Canterbury Tales: The Second Nun’s Prologue

Author: Geoffrey Chaucer  | Date: 1380


That servant and that nurse unto the vices

Which men do call in English Idleness,

Portress at Pleasure’s gate, by all advices

We should avoid, and by her foe express,

That is to say, by lawful busyness,

We ought to live with resolute intent,

Lest by the Fiend through sloth we should be rent.

For he, that with his thousand cords and sly

Continually awaits us all to trap,

When he a man in idleness may spy

He easily the hidden snare will snap,

And till the man has met the foul mishap,

He’s not aware the Fiend has him in hand;

We ought to work and idleness withstand.

And though men never dreaded they must die,

Yet men see well, by reason, idleness

Is nothing more than rotten sluggardry,

Whereof comes never good one may possess;

And see sloth hold her in a leash, no less,

Only to sleep and eat and always drink

And to absorb all gain of others’ swink.

And so, to save us from such idleness

Through which great trouble and distress have grown,

I have here done my faithful busyness,

Translating the old legend, to make known

All of that glorious life which was thine own,

Thou ever with the rose and lily crowned,

Cecilia, for virtues high renowned.

Invocatio ad Mariam

And Thou that art the flower of virgins all

Of whom Saint Bernard loved so well to write,

To Thee at my beginning do I call;

Thou comfort of us wretches, help me indite

Thy maiden’s death, who won through her merit

The eternal life, and from the Fiend such glory

As men may read hereafter in her story.

Thou Maid and Mother, Daughter of Thy Son,

Thou well of ruth, of sinful souls the cure,

In Whom, for goodness, God was embryon,

Thou humble One, high over each creature,

Thou did’st ennoble so far our nature

That no disdain God had of humankind

His Son in blood and flesh to clothe and wind.

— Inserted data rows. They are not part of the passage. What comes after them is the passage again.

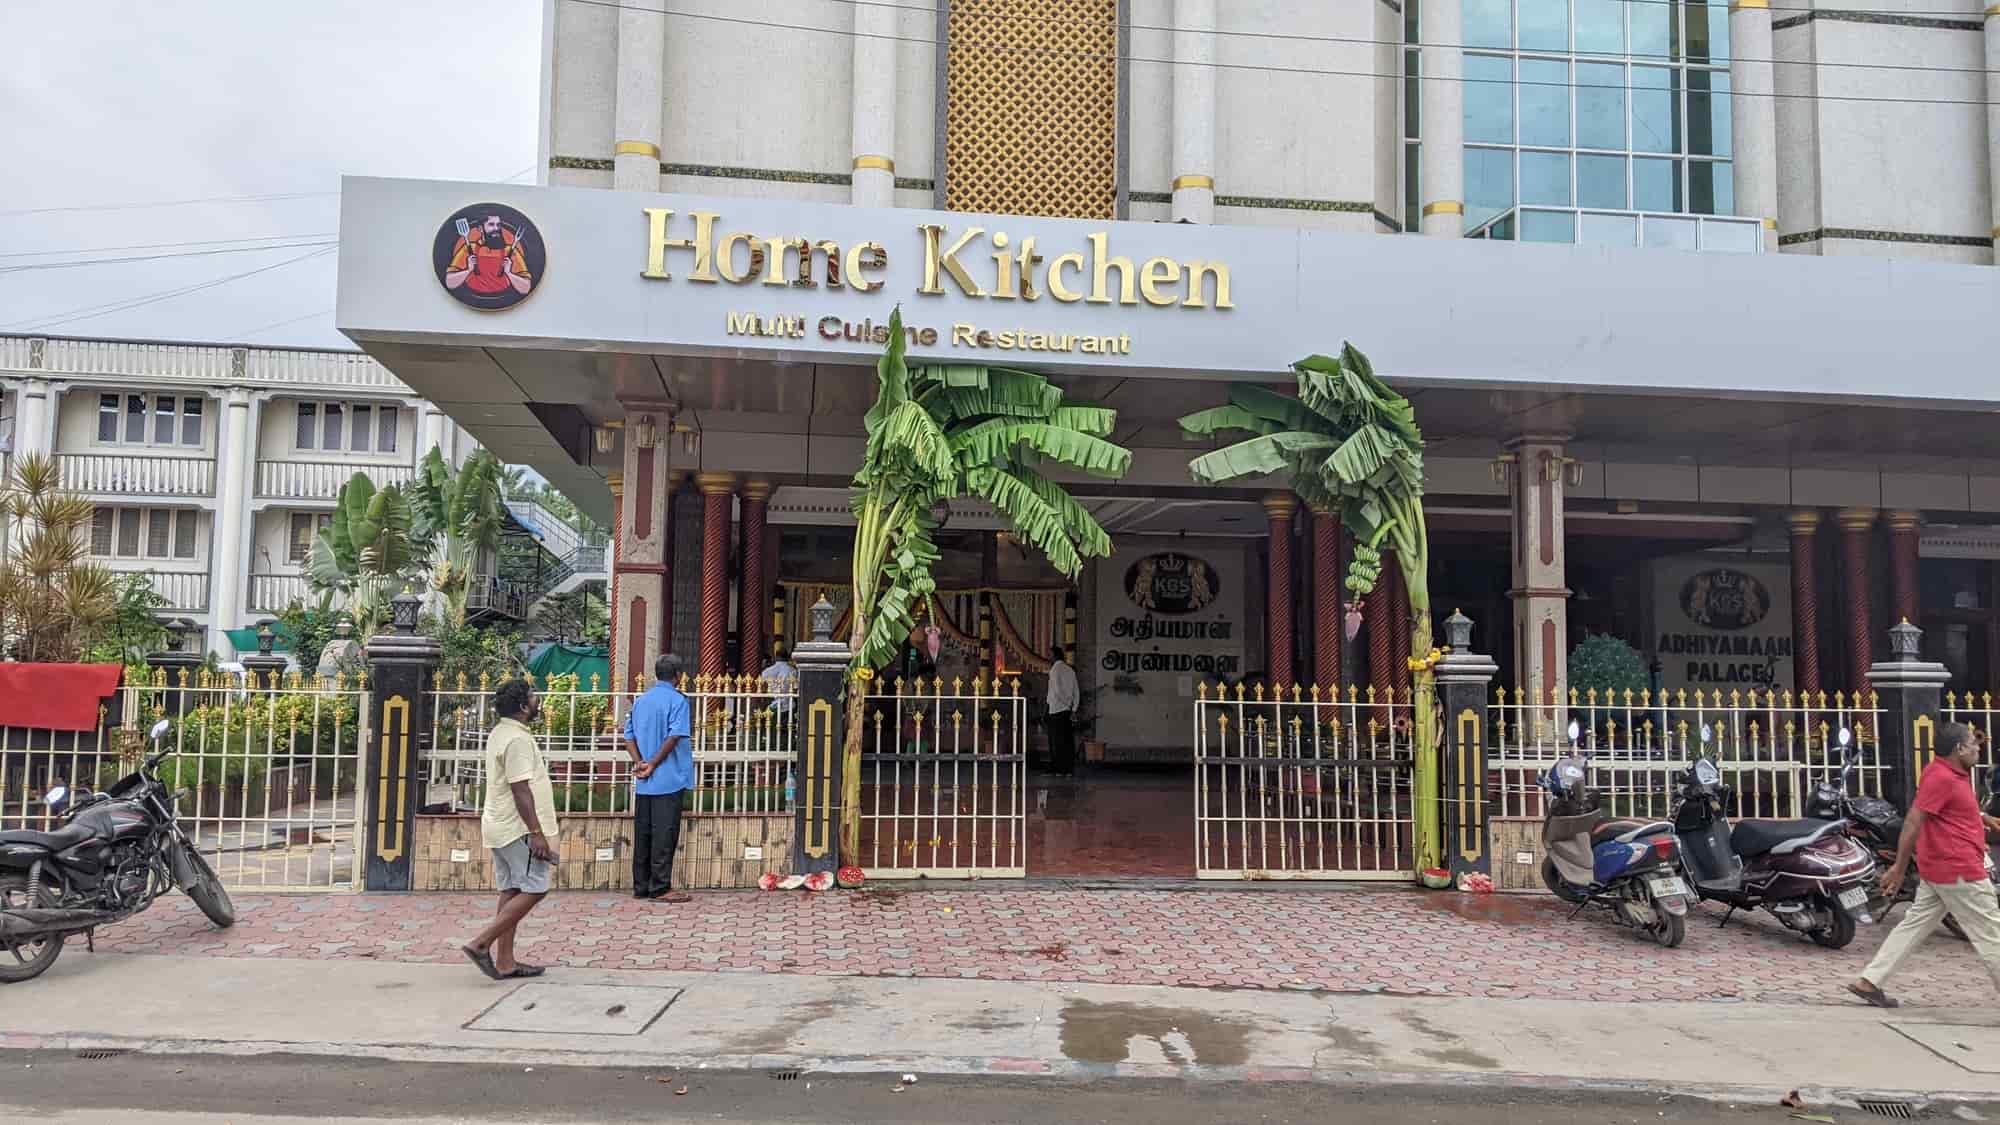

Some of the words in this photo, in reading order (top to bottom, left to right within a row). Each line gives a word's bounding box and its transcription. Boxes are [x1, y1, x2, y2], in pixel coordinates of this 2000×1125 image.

[640, 207, 888, 292] Home
[915, 223, 1235, 308] Kitchen
[726, 310, 806, 338] Multi
[817, 315, 938, 346] Cuisne
[952, 322, 1131, 354] Restaurant
[1110, 612, 1232, 642] அதியமான்
[1102, 645, 1241, 673] அரண்மனை
[1658, 633, 1791, 657] ADHIYAMAAN

Within the blessed cloister of Thy sides

Took human shape eternal love and peace

Who all the threefold world as sovereign guides,

Whom earth and sea and heaven, without cease,

Do praise; and Thou, O stainless Maid, increase

Bore of Thy body- and wert kept a maid-

The mighty God Who every creature made.

Assembled is in Thee magnificence,

With mercy, goodness, and with such pity

That Thou, Who art the sun of excellence,

Not only keepest those that pay to Thee,

But oftentimes, of Thy benignity,

Freely, or ever men Thy help beseech,

Thou goest before and art their spirits’ leech.

Now help, Thou meek and blessed, Thou fair Maid,

Me, banished wretch, in wilderness of gall;

Think how the Canaanitish woman said

That even dogs may eat of the crumbs all

Which from the master’s laden table fall;

And though I, now, unworthy son of Eve,

Am sinful, yet accept me, who believe.

And since all faith is dead divorced from works,

That I may do the right, O give me space

To free me from that darkness of deep murks!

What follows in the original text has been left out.